17. What is the effect of these regulations on existing agreements? Do they overrule employment/civil law agreements when entering in force? How is this conflict solved in your jurisdiction?

The provisions described do not overrule or automatically change existing agreements.

The remuneration policy of listed companies overrules the performance agreements, other acts and internal policies governing remuneration of members of the board of directors, administrative board, or supervisory board. On the date when the remuneration policy comes into effect, the performance agreements, other relevant acts and internal policies relating to executive remuneration will lose their effect to the extent that they conflict with the remuneration policy.

18. Is there a regulatory body in your jurisdiction overseeing ESG matters? If so, what measures can be taken by the authority?

There is no special regulatory body in charge of general supervision of the ESG matters.
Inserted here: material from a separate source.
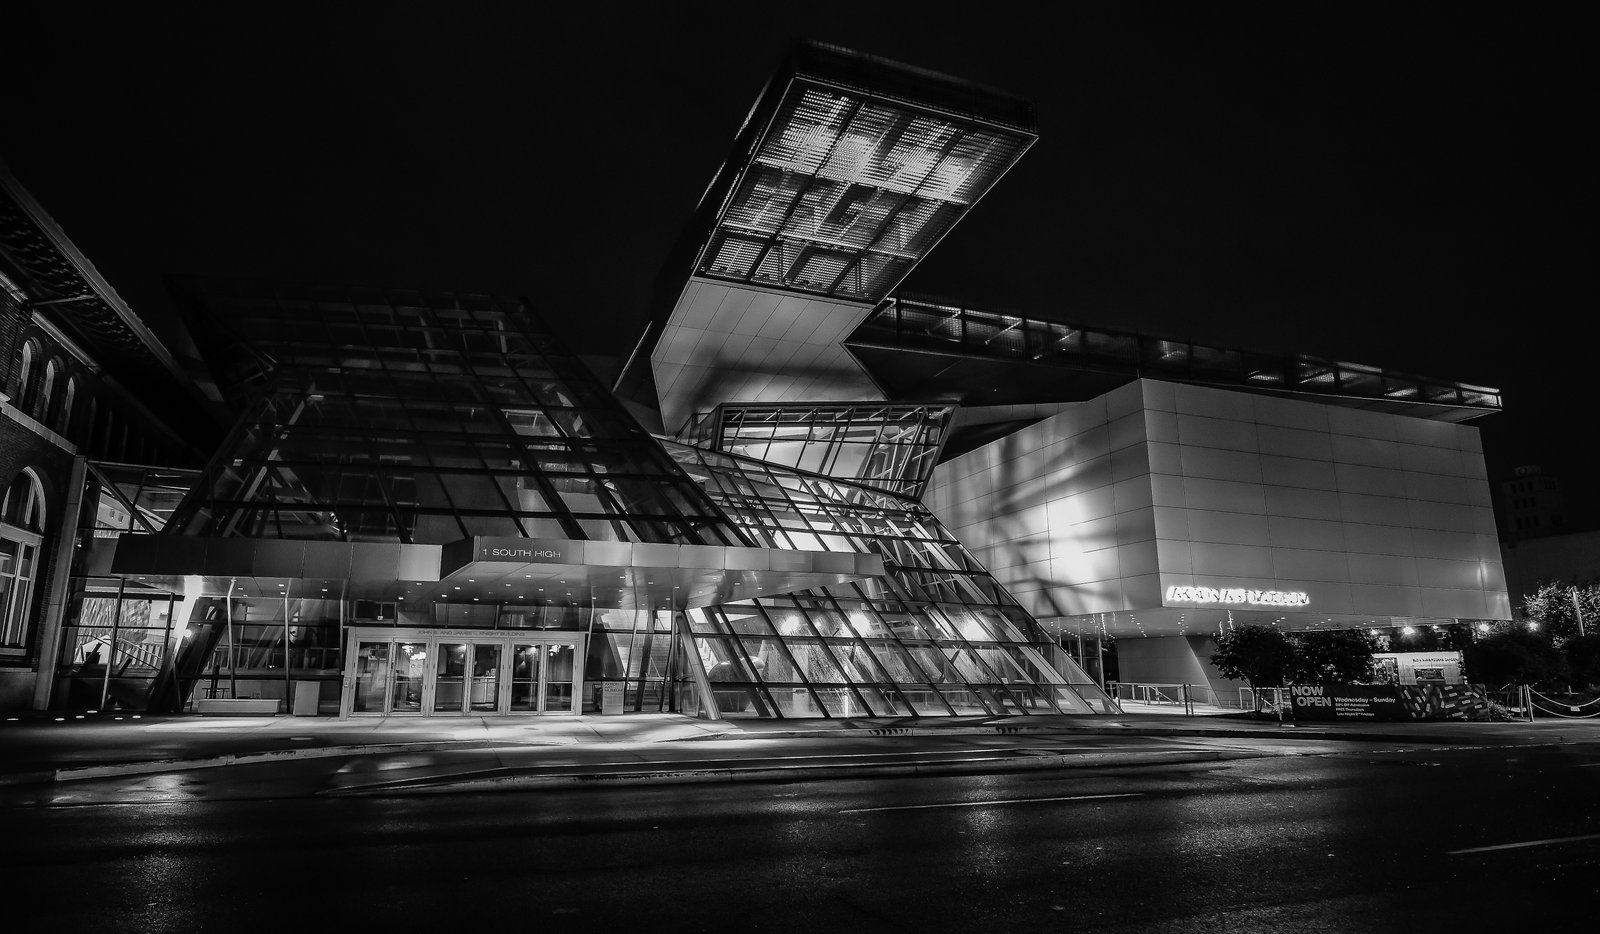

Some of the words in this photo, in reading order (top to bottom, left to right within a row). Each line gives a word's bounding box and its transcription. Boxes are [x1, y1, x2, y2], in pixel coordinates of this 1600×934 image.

ESG supervision (in respect of hard legal requirements) is conducted by different regulatory bodies in different sectors, e.g.:

  • Financial institutions (banks, management companies and investment funds, securities traders, listed companies, insurance companies) – the Czech National Bank.
    • If the Czech National Bank identifies a violation of obligations by the regulated institutions, it can generally impose corrective measures appropriate to the nature and severity of the violation (e.g. order an audit, order disclosure of additional information, limit the amount of the variable component of executive remuneration). Some violations also constitute an administrative offence (e.g. failure to adopt a remuneration policy in line with the legal requirements) for which the Czech National Bank may impose a monetary penalty (the amount depends on the obligation that the regulated institution violated).
  • Entities subject to accounting obligations under the Accounting Act – the Tax Office – Failure to disclose non-financial information constitutes an administrative offence for which the Tax Office may impose a penalty of up to the amount of 3% of the total value of the company’s assets / the total value of consolidated assets.

19. Are there prospects of any future regulations being adopted in your jurisdiction in this regard? For example: soft law regulations, private self-regulation initiatives, informal discussions on the transposition of EU Corporate Sustainability Reporting Directive, etc.

Currently, we can see several informal discussions (on several platforms) on the transposition of the EU Corporate Sustainability Reporting Directive (the “CSRD”) as well as the expected Corporate Sustainability Due Diligence Directive.

Also more companies are starting to look into their upcoming reporting obligations under the CSRD. Currently, there are only around 50 companies in the Czech Republic that are required to report under the NFRD. Under the CSRD, it is expected that approx. 1500 companies will be required to provide their ESG reports.

The introduction of additional obligations is expected with the adoption of the Corporate Sustainability Due Diligence Directive.